Le 12 février 2025, Yvon Sana Bangui, gouverneur de la Banque des Etats de l’Afrique Centrale (Beac) a présidé par visioconférence la deuxième réunion du groupe de travail chargé de formuler des propositions consensuelles pour la supervision des activités des Caisses des dépôts et consignations (CDC) et la gestion des avoirs en déshérence au sein de la Communauté économique et monétaire de l’Afrique Centrale (Cemac). Au cours de cette rencontre, deux avant-projets de règlement Cemac élaborés par le Secrétariat général de la Commission bancaire de l’Afrique Centrale (Cobac) ont été examinés. Il s’agit de l’avant-projet de règlement Cemac relatif aux conditions d’exercice et à la supervision des CDC et de l’avant-projet de règlement Cemac relatif au traitement des décomptes inactifs et des avoirs en déshérence dans les livres des établissements assujettis à la Cobac.
La Beac souligne qu’au terme des échanges, les propositions pertinentes ont été approuvées (sans les citer) et seront intégrées dans les nouvelles versions des avant-projets de textes. « Les nouvelles propositions seront examinés lors d’une ultime réunion prévue au mois de mars 2025, avant de soumettre les projets de textes aux organes compétents de la Cemac » précise la Beac. Cependant, le projet de règlement en cours d’élaboration ne met pas toutes les parties d’accord.

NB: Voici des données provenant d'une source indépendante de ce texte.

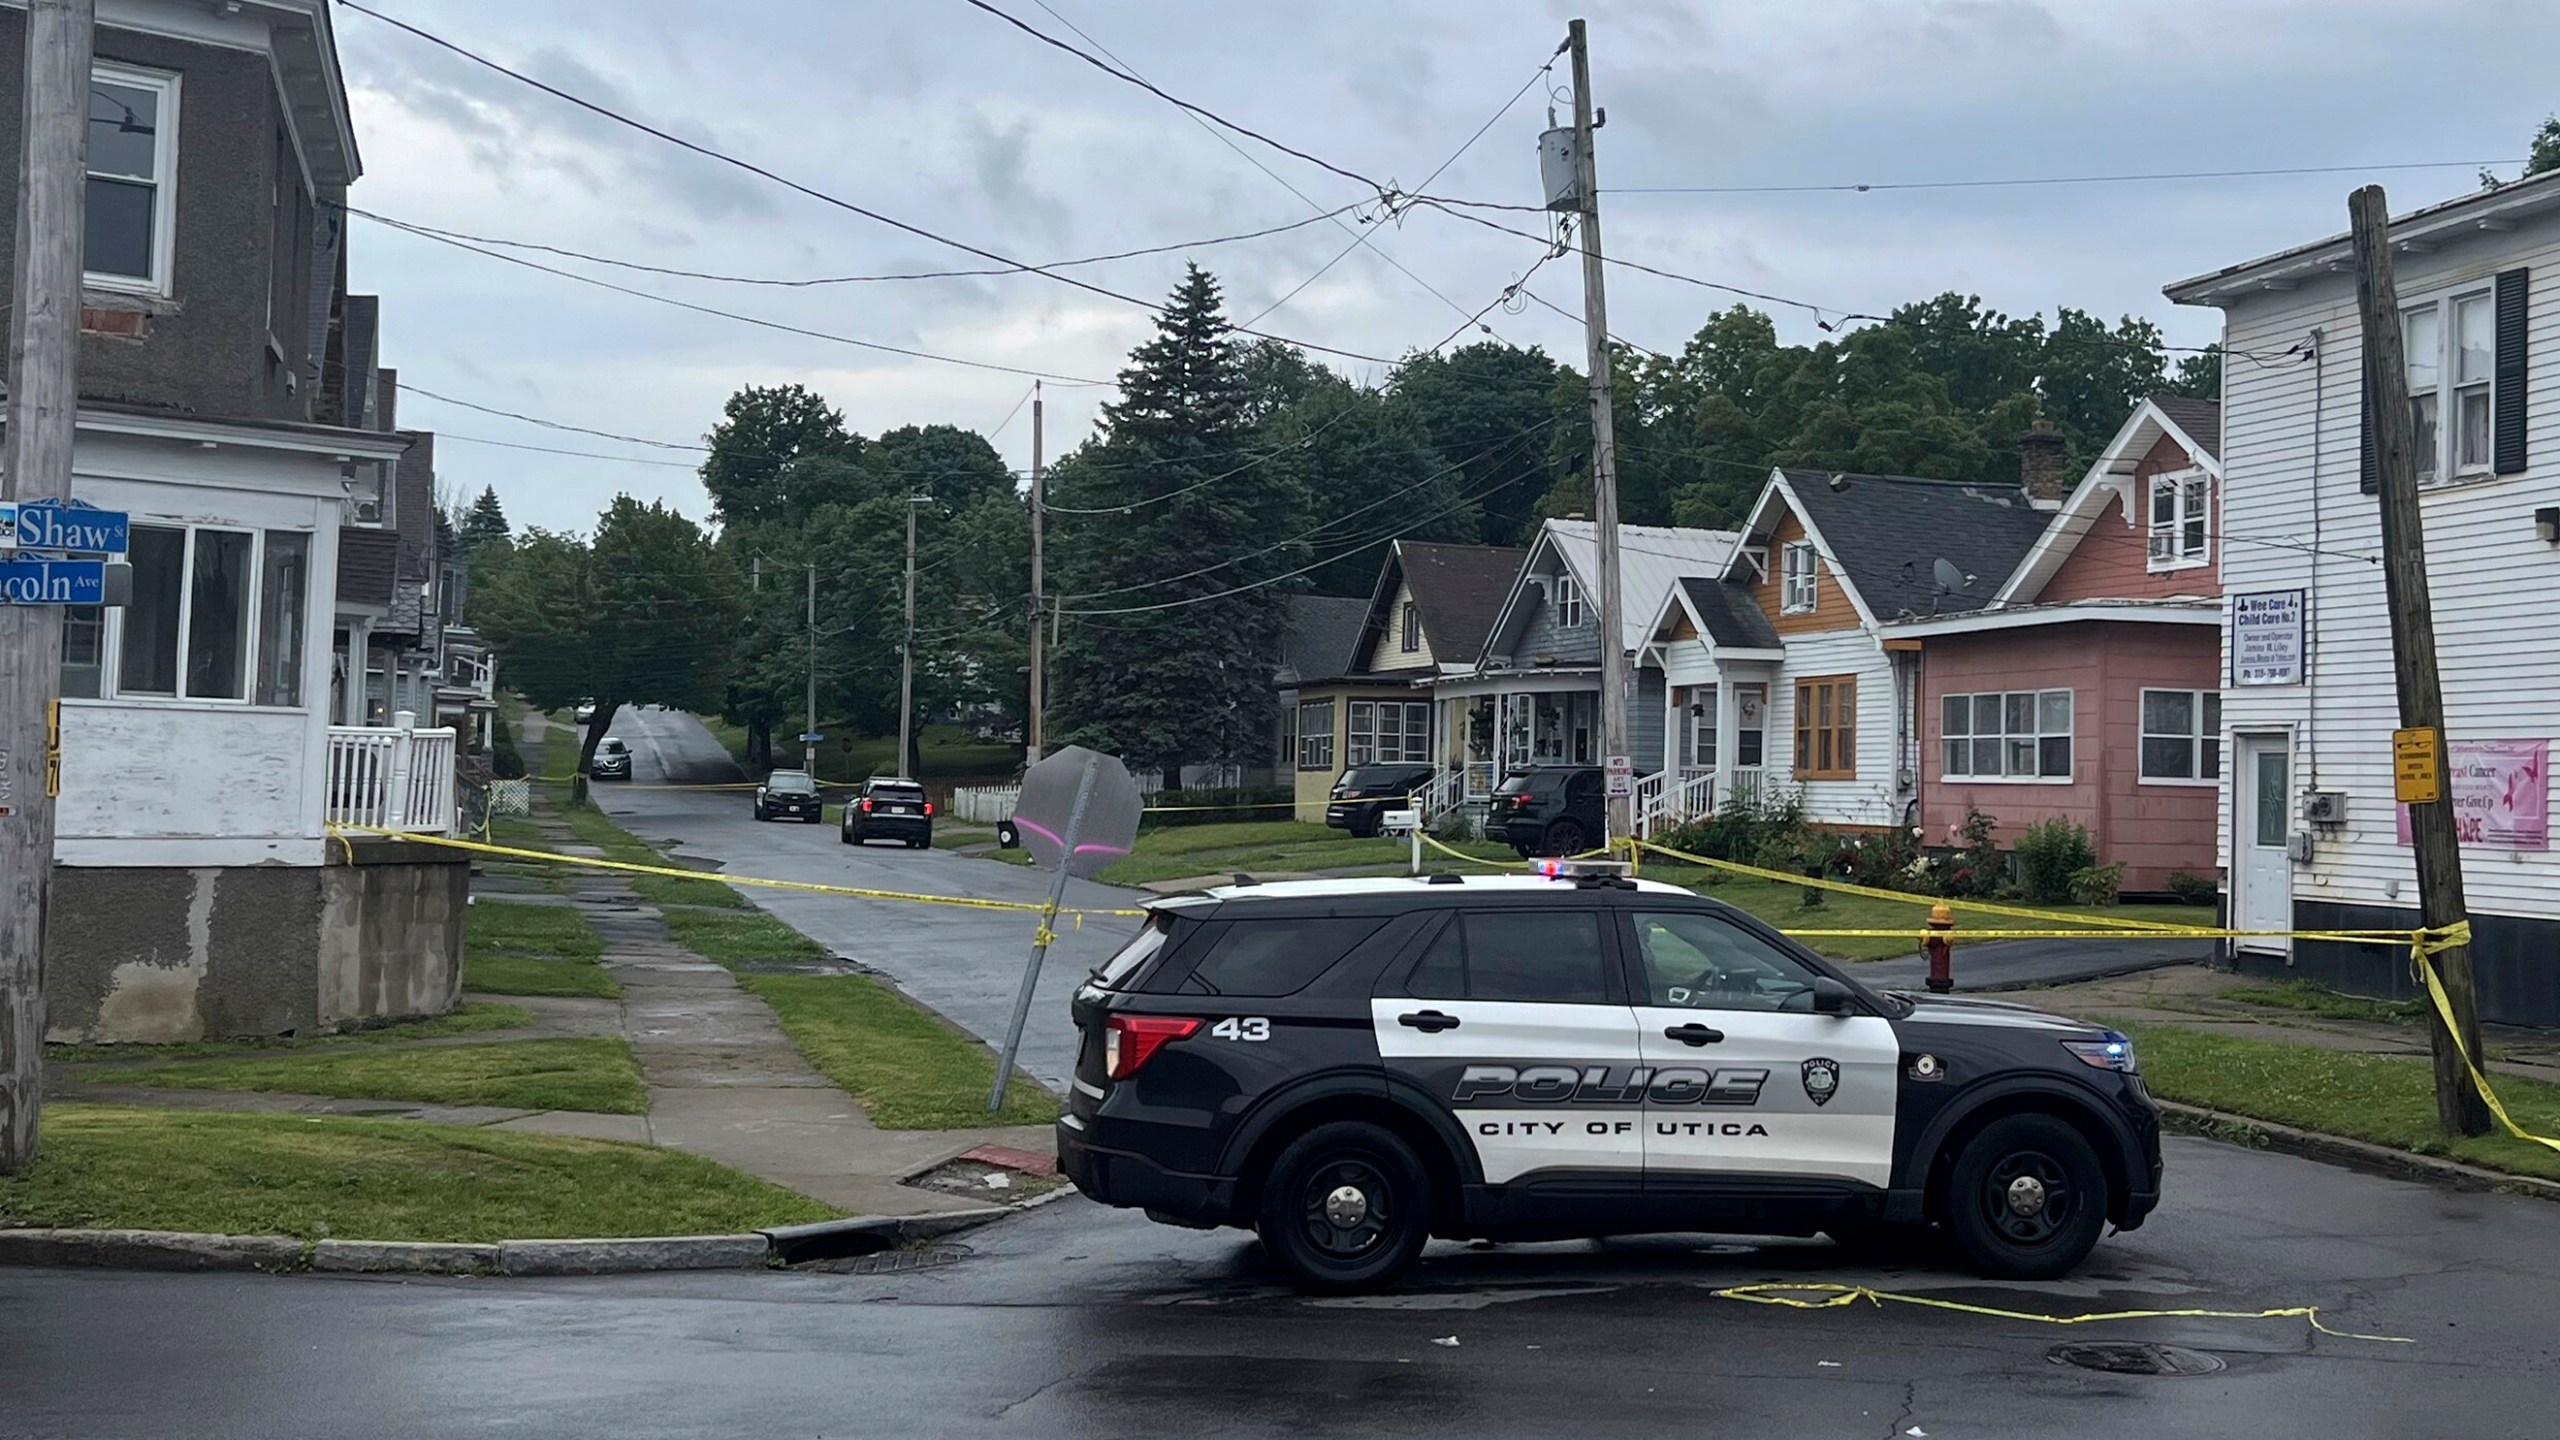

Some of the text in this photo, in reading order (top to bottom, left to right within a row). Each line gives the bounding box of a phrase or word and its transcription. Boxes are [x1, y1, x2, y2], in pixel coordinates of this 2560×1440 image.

[19, 509, 110, 549] Shaw
[114, 525, 124, 538] St
[0, 563, 99, 601] coln Ave
[2250, 599, 2286, 611] Wee Care
[2239, 613, 2260, 626] Child
[2262, 613, 2280, 624] Care
[1613, 758, 1624, 766] NO
[2469, 764, 2496, 777] Cancer
[1211, 1017, 1270, 1041] 43
[1803, 1060, 1838, 1071] POLICE
[1452, 1066, 1770, 1105] POLICE
[1478, 1122, 1769, 1137] CITY OF UTICA

Le 20 janvier 2025, le directeur général de la Caisse des dépôts et consignations du Gabon, Marius Issa Nkori a écrit au gouverneur de la Beac. Dans sa correspondance, il indique qu’après analyse minutieuse du projet de règlement en cours d’élaboration, « il apparaît clairement que la perspective d’une supervision des CDC par la Cobac crée un chevauchement de compétences ».
« Les législateurs nationaux ont déjà conféré aux CDC des prérogatives réglementaires qui ne sauraient être remises en cause sans porter atteinte aux principes de souveraineté législative et exécutive des Etats membres », écrit Marius Issa Nkori. Il martèle dans la foulée que les CDC, qu’elles soient des établissements publics ou parapublics sont régies par des textes nationaux (lois, ordonnances, décrets ou arrêtés) et placées sous la tutelle du ministère de l’Economie ou des Finances. « Les CDC exercent également diverses missions stratégiques parmi lesquelles la protection de l’épargne, la gestion de la prévoyance et de la retraite, la participation aux marchés des capitaux…Certaines de ces activités font déjà l’objet de contrôles spécifiques par des organismes supranationaux tels que la Cosumaf, la Cima. Il ne saurait donc être question pour la Cobac d’exercer une autorité qui empiéterait sur les prérogatives d’autres organismes régulateurs ou sur les champs d’activité clairement distincts de la sphère bancaire » renchérit Marius Issa Nkori dans sa correspondance.
Empiètement sur la souveraineté du Cameroun
Dans une correspondance adressée le 29 juillet 2024 au ministère des Finances, Richard Evina Obam, directeur général de la Caisse des Dépôts et consignations (CDEC) du Cameroun faisait état de l’ingérence de la Cobac dans l’activité nationale des dépôts et consignations. Le Minfi avait à son tour informer la présidence de la République qui avait réagit dans une correspondance datée du 1er août 2024.
« En soulignant l’absence manifeste de fondement juridique de ces actes qui violent la procédure prévue pour la prise de décision au niveau de la Cobac, mais aussi le champ de compétence de cette institution, les dépôts et consignations ne faisant pas , pour l’heure , partie des matières transférées à la communauté et restant de ce fait , une activité souveraine régie par les dispositions pertinentes du droit national en vigueur, élaborés et mises en œuvre conformément aux Très Hautes directives du Président de la République » avait écrit Ferdinand Ngoh Ngoh , secrétaire général de la Présidence de la République.
Par ailleurs, il avait demandé au Minfi à inviter la Cobac à rapporter sa correspondance du 11 juillet 2024 relative à la suspension du processus de transfert des avoirs en déshérence, et d’axer ses réflexions sur d’éventuelles activités bancaires résiduelles, susceptibles d’être exercées par les CDC, lorsque celles-ci n’ont pas créé des filiales à cet effet.
Au Cameroun, la Cdec agit strictement conformément à la réglementation nationale en vigueur, précisée par le décret du Premier ministre du 1er décembre 2023 fixant les modalités de transfert des fonds. Ce décret vise à sécuriser les avoirs en déshérence tout en maintenant la stabilité du secteur financier, en offrant aux établissements de crédit et de microfinance des modalités spécifiques pour gérer les transferts en cas de fragilité financière.